The scientist said that the nuclear case was not an "unavoidable necessity" for the country, pointing to the absence of economic and technical conditions for the construction. "Since the dispute about whether or not a nuclear power plant should be built began, nobody has ever offered any distinct data in favor of the nuclear power industry," Yegor Fedushkin said.
"Now that increasingly more nations around the world are pushing for their countries to adopt a non-nuclear status, we, representatives of science and intelligentsia, cannot stand aside," he said.
The group, which includes people who worked at the Chernobyl nuclear power plant, wants the government to hold a large-scale meeting to discuss the nuclear plans, and, if the plans are approved, to call a referendum on the matter.
It also wants to set up an association that would struggle to "protect the people of Belarus from Chernobyl Hell and Nuclear Eden."
Yegor Fedushkin said that the country needs an institute of alternative sources of energy that would explore the possibilities of micro-energy, and renewable sources of energy. “If there is ever a need to build a NNP, there should be a national referendum on this matter,” stated Yegor Fedushkin.
Moreover, Belarusian scholars also proposed to form a commission to look into viabilities of using nuclear energy in the country. Professor Georgy Lepin said that a similar commission was formed by the Prime Minister in 1998. He also said that it was to “analyse and evaluate information about the world trends in nuclear energy in relation to Belarus, and to examine alternative ways to supply the Republic with energy resources, ensure their rational consumption, and implement modern steam-gas technologies and unconventional sources of energy”.
One of the important decisions, in the scholar’s mind, that the commission managed to pass was to postpone the work with nuclear energy in Belarus for 10 years. The moratorium expires on 1 January 2009, so, in Georgy Lepin’s opinion, “it would make sense” to form another commission “to examine the work done in this area during the past 10 years”.
For instance, the previous commission issued a conclusion saying that experience with nuclear energy around the world is to be taken into account. “Some NPP advocates say that NPPs are being actively built around the world. However, the history of nuclear energy around the world says the opposite – the construction of nuclear power plants was suspended in all countries apart from developing countries that strive for atomic weapon.”
He also said that the number of working NPPs in Germany went down from 20 to 17. “The USA has not built any NPPs since 1978 – they are only trying to extend their life-time from 30 to 50 years. France, with the biggest NPPs density decided to build new NPPs only when old ones get shut down,” said Georgy Lepin.
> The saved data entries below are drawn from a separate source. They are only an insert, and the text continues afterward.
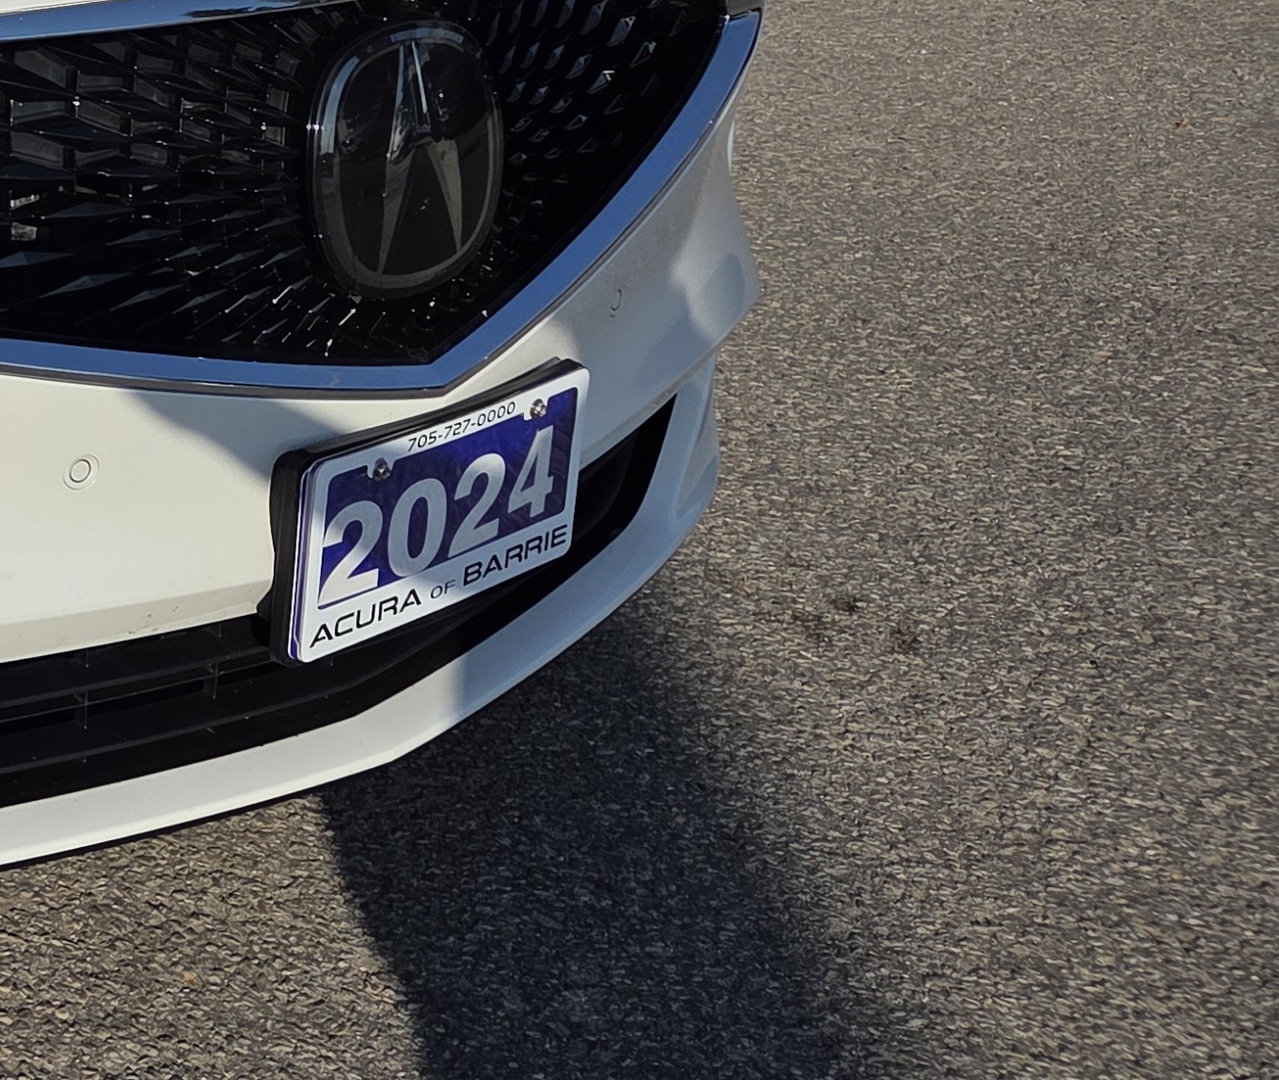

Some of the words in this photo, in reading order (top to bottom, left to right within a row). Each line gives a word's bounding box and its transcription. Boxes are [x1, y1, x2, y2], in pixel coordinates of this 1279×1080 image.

[407, 401, 516, 452] 705-727-0000
[318, 425, 554, 605] 2024
[309, 588, 422, 649] ACURA
[430, 579, 456, 600] OF
[463, 523, 568, 587] BARRIE
The issue of radioactive waste and its storage has not been examined properly either. “There is not any experience available in this area, and there are not any technologies,” pointed out the scholar. He said that if 10 years ago the shutting down of a NPP would cost 10% of its value, now it is comparable to the cost of the plant itself.
In Georgy Lepin’s opinion, nobody has even made any calculations about how much nuclear power units will cost for the Belarusian energy system.
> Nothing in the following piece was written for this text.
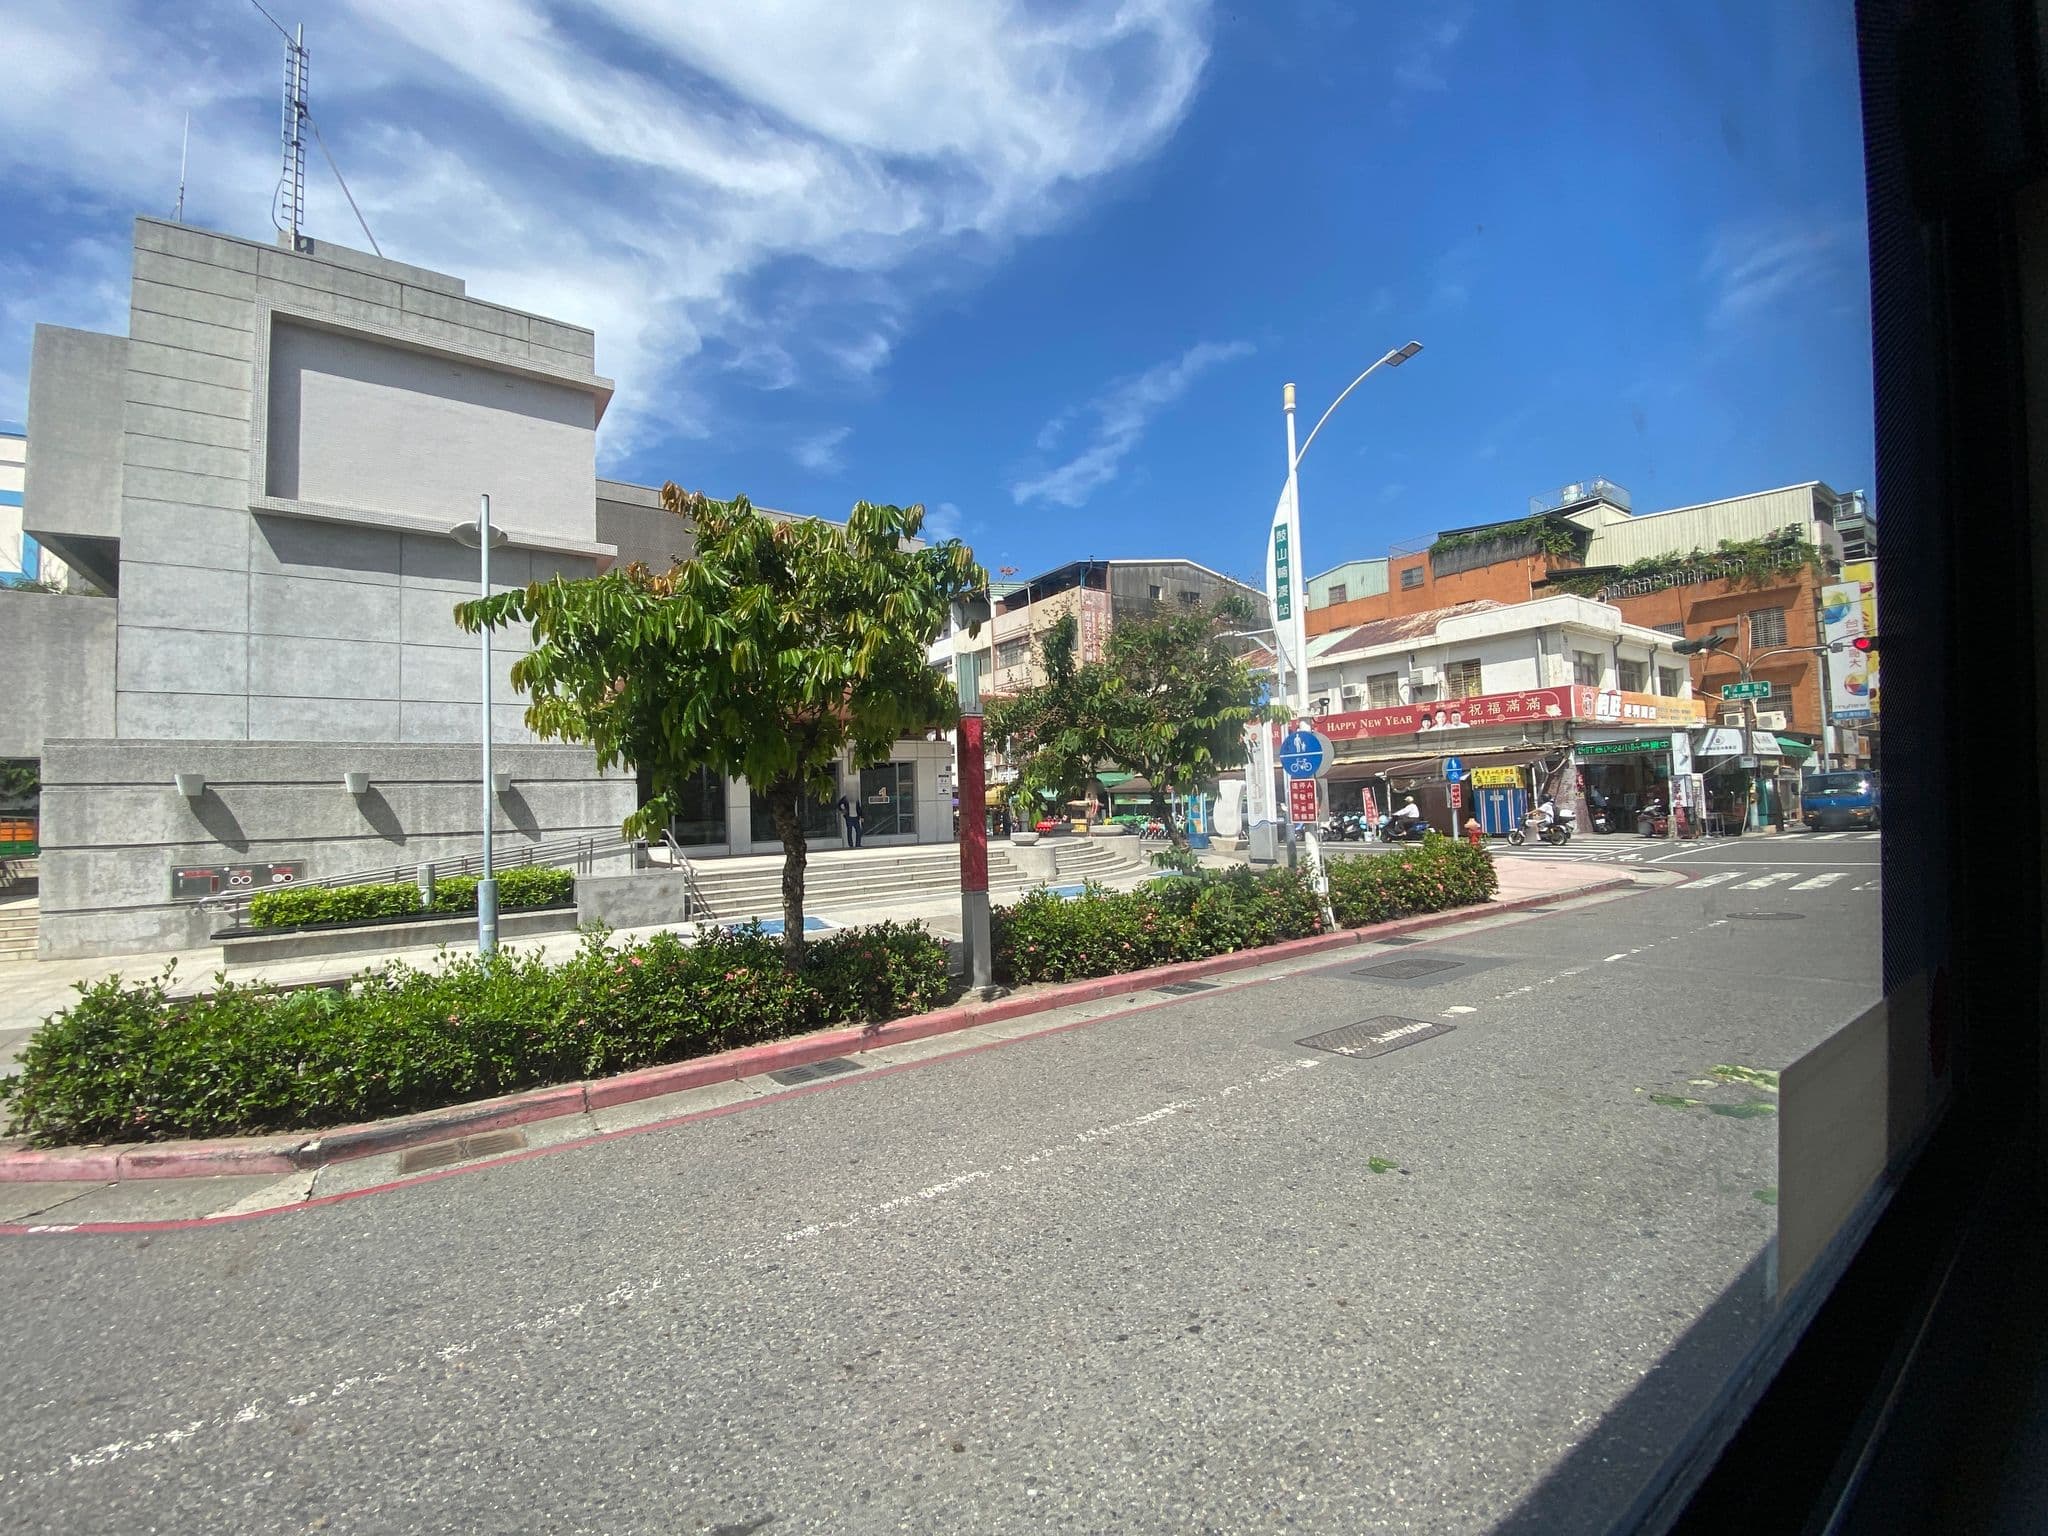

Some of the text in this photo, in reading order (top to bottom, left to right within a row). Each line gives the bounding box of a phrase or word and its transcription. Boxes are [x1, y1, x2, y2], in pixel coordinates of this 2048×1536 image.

[1327, 715, 1413, 732] HAPPY NEW YEAR
Scholars are also concerned about a possibility that once nuclear energy is given a go-ahead, other parts of the energy industry will be getting less care. This was the opinion expressed by Victor Yushko, PhD in Engineering, the Chief Technician at BelNIPIenergoprom.
In his opinion, building a NPP in Belarus is “a decaying policy”. “We will launch a nuclear power plant in 2020. It will not be functioning properly as nuclear fuel will be running low around the world. We will have used all the resources for this NPP so other areas in the energy industry will be underdeveloped. The country’s economy and energy system will be crumbling down,” noted Victor Yushko.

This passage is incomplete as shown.